In the 2014 European Parliament election the SVP won 48.0% of the vote in the Province and Dorfmann was re-elected to the European Parliament.

2018–2019 elections
The SVP, which again chose its candidates through a primary election, contested the 2018 general election in a joint list with the PATT, within the centre-left coalition. The German right-wing parties did not contest the election, leading the SVP to obtain 48.8% of the vote in the Province (+4.6pp). However, due to the new electoral system, it secured four deputies, including one for the PATT, and three senators. For the Chamber, Albrecht Plangger was elected in Meran (61.2%), Renate Gebhard in Brixen (65.0%), and Manfred Schullian and PATT's Emanuela Rossini from the PR list. For the Senate, Julia Unterberger was elected in Merano (61.1%), Meinhard Durnwalder in Brixen (66.5%), and Dieter Steger from the PR list. The SVP's support granted the election of PD's candidates for the Chamber and the Senate in Bolzano, but for the first time the centre-left lost badly in Trentino, where the LN – re-styled as "Lega" – became the largest party.

In the 2018 provincial election incumbent Governor Kompatscher was the party's leading candidate. In the election on 21 October 2018, the party gained 41.9%, (–3.8pp). The PD, SVP's traditional ally, did so poorly that the SVP needed to find a new coalition partner: after long negotiations, the party chose to team up with the local section of Lega Nord in 2019. Additionally, for the 2019 European Parliament election, the party formed an electoral pact with the other two main members of the European People's Party (EPP) from Italy, Silvio Berlusconi's Forza Italia (FI) and the Union of the Centre (UdC). In the 2019 European Parliament election the SVP won 46.5% of the vote in the Province and Dorfmann was re-elected to the European Parliament.

2022 elections
In the 2022 general election the SVP decided to run independently with PATT and the Trentino Project. In response, the centre-left coalition made deals with the Team K and Greens after this decision.

Ideology and factions

The SVP is an example of a catch-all party. Its ideology ranges from Christian democracy to social democracy, due to the virtual absence of a true social-democratic rival party in the region. In German-speaking valleys the SVP had for decades almost no opposition, apart from Die Freiheitlichen, South Tyrolean Freedom and Citizens' Union for South Tyrol on the right and the Greens on the left.

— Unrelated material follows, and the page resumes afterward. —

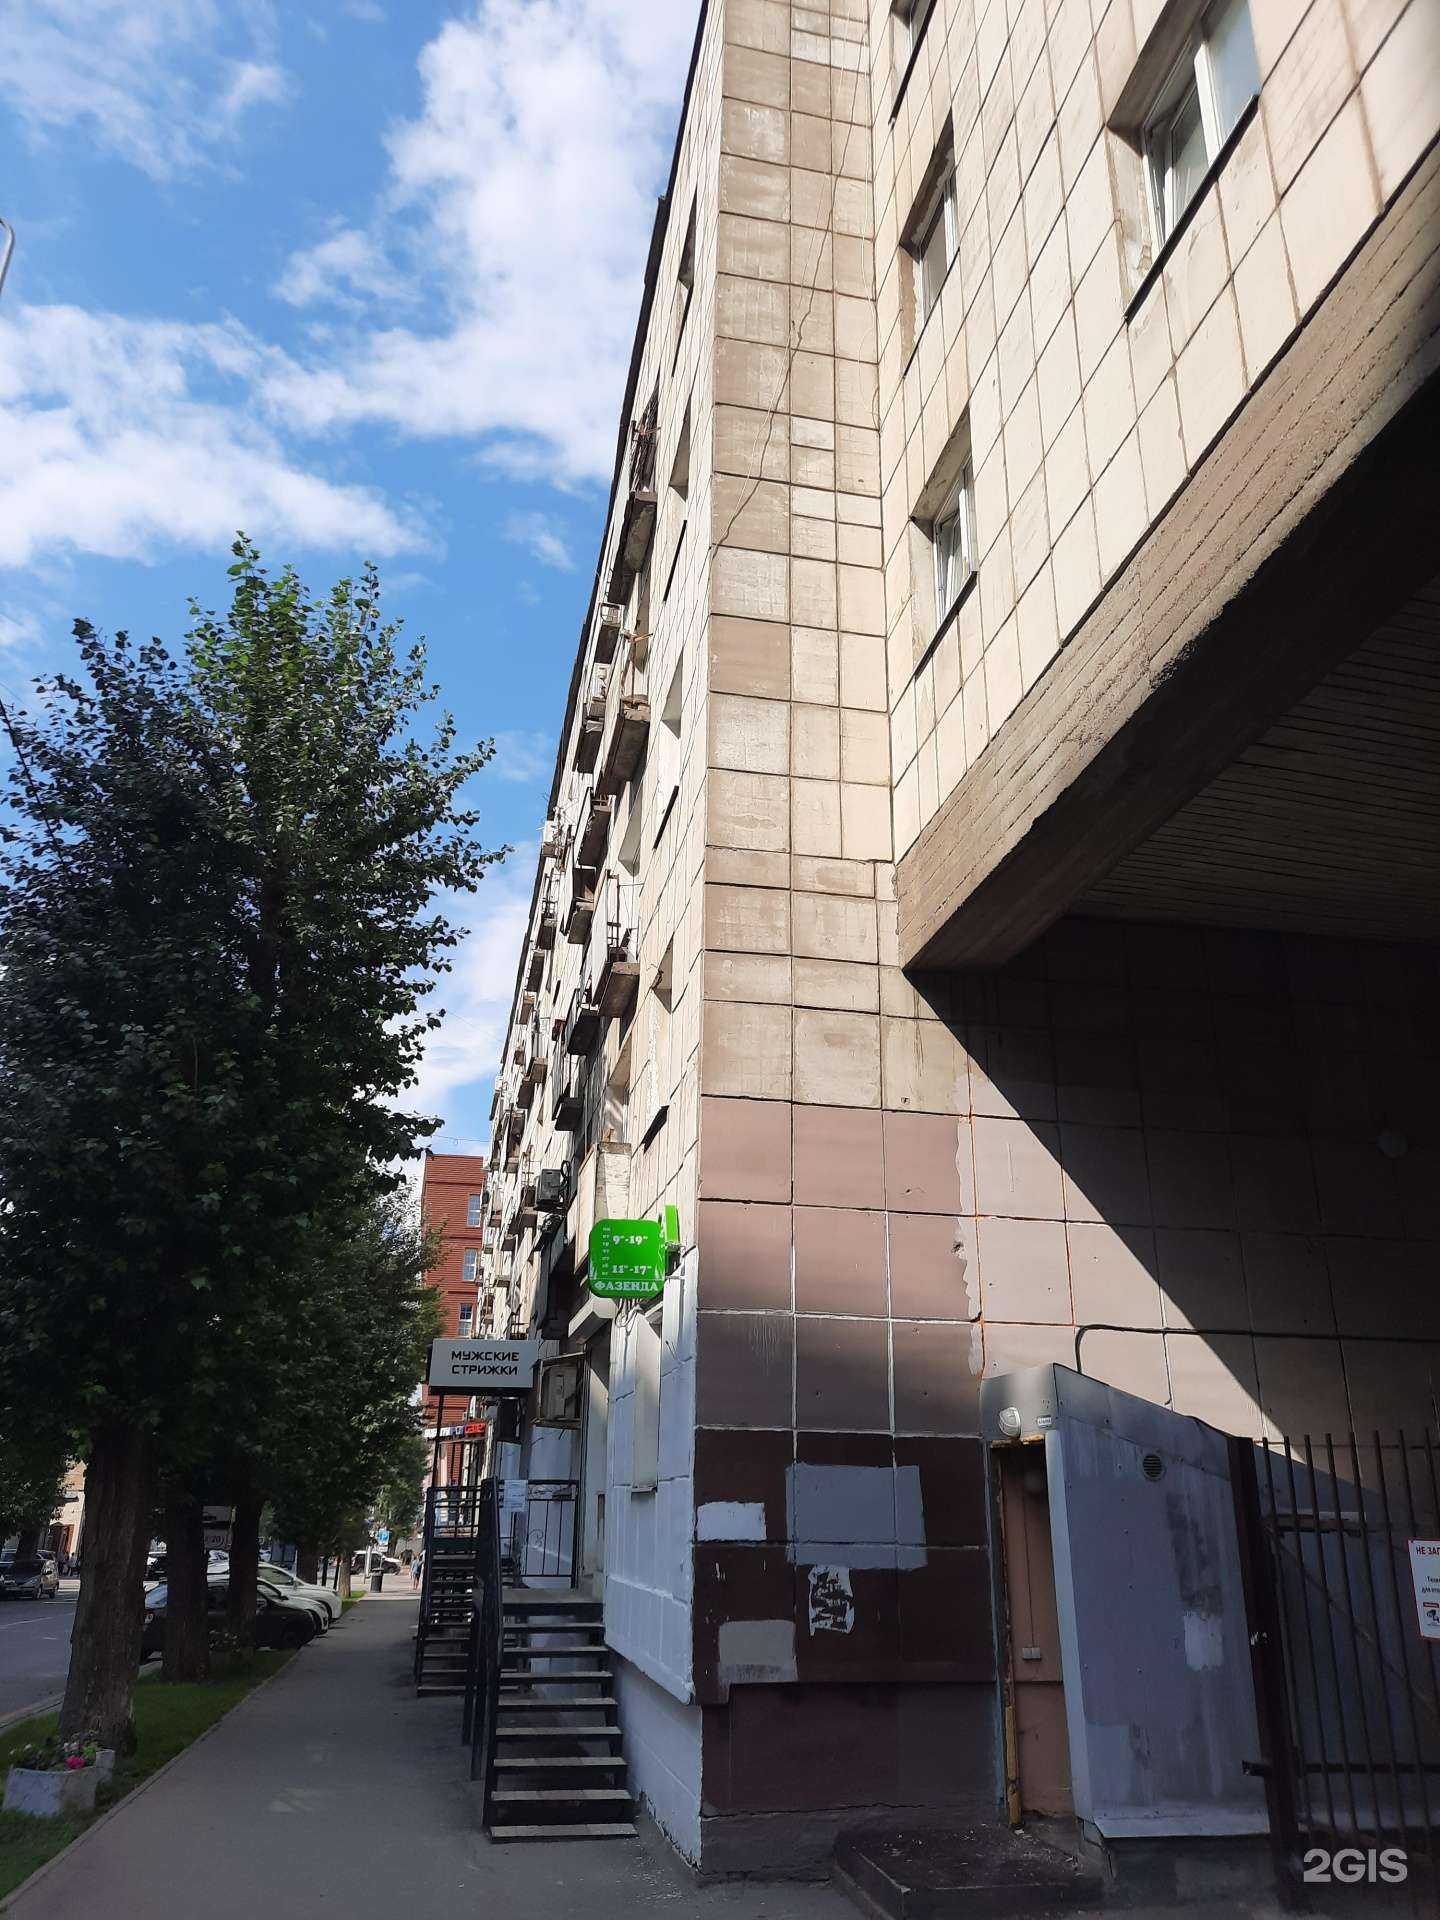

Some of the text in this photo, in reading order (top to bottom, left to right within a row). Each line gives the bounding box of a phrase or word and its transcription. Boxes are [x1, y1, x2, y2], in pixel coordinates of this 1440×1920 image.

[594, 1281, 658, 1292] ФАЗЕНДА
[451, 1350, 520, 1362] МУЖСКИЕ
[451, 1364, 519, 1376] СТРИЖКИ

In the years the SVP suffered many splits reflecting the diverse composition of the party (Tyrolean Homeland Party, Social Progressive Party of South Tyrol and Social Democratic Party of South Tyrol) and many SVP leading members left the party in order to join other parties, notably including Alfons Benedikter, a right-winger who launched the Union for South Tyrol in 1989, Christian Waldner, a conservative liberal who launched The Freedomites in 1992, Sepp Kusstatscher, a leftist who joined the Greens in 1999, and finally Roland Atz, a right-winger who switched to Lega Nord Alto Adige – Südtirol in 2008. The Party of Independents/Freedom Party of South Tyrol, the South Tyrolean Homeland Federation, the Union for South Tyrol and The Freedomites can thus be all considered splits of the SVP.

Within the party it is possible to identify three main internal factions:
Landwirtschaft (Agriculture), representing the interests of farmers; the faction, which had in Luis Durnwalder, Governor from 1989 to 2013, its main representative in government, notably includes Herbert Dorfmann and Hans Berger.
Wirtschaft (Economy), representing small business; the faction is led by Gerhard Brandstätter and notably includes Helga Thaler Ausserhofer, a conservative, Manfred Pinzger, Karl Zeller, Thomas Widmann and Dieter Steger; Arno Kompatscher wields strong support among the faction.
Arbeitnehmer (Labour), the social-democratic faction and political arm of the Union of South Tyrolean Independent Trade Unions (ASGB); the faction, recently led by Reinhold Perkmann, Rosmarie Pamer, and Cristoph Gufler, notably includes Oskar Peterlini, the most left-wing SVP member in the Italian Parliament so far, Richard Theiner and Renate Gebhard.

Siegfried Brugger and Elmar Pichler Rolle, who led the party in 1992–2004 and 2004–2009 respectively, are centrist figures who worked for preserving party unity. In order to prevent the break-up of the party along right-left lines, in 2008 Perkmann, leader of the Arbeitnehmer, proposed a "federal reform" of the party in order to preserve its catch-all nature and simultaneously give more autonomy to its internal factions, which have now an official status in party organization. The result was a mild reform of the party and the election to the party leadership in 2009 of a ticket composed by a leading member of the Arbeitnehmer, Richard Theiner, and a leading member of the Wirtschaft faction, Thomas Widmann, plus Martha Stocker, a close ally of Durnwalder.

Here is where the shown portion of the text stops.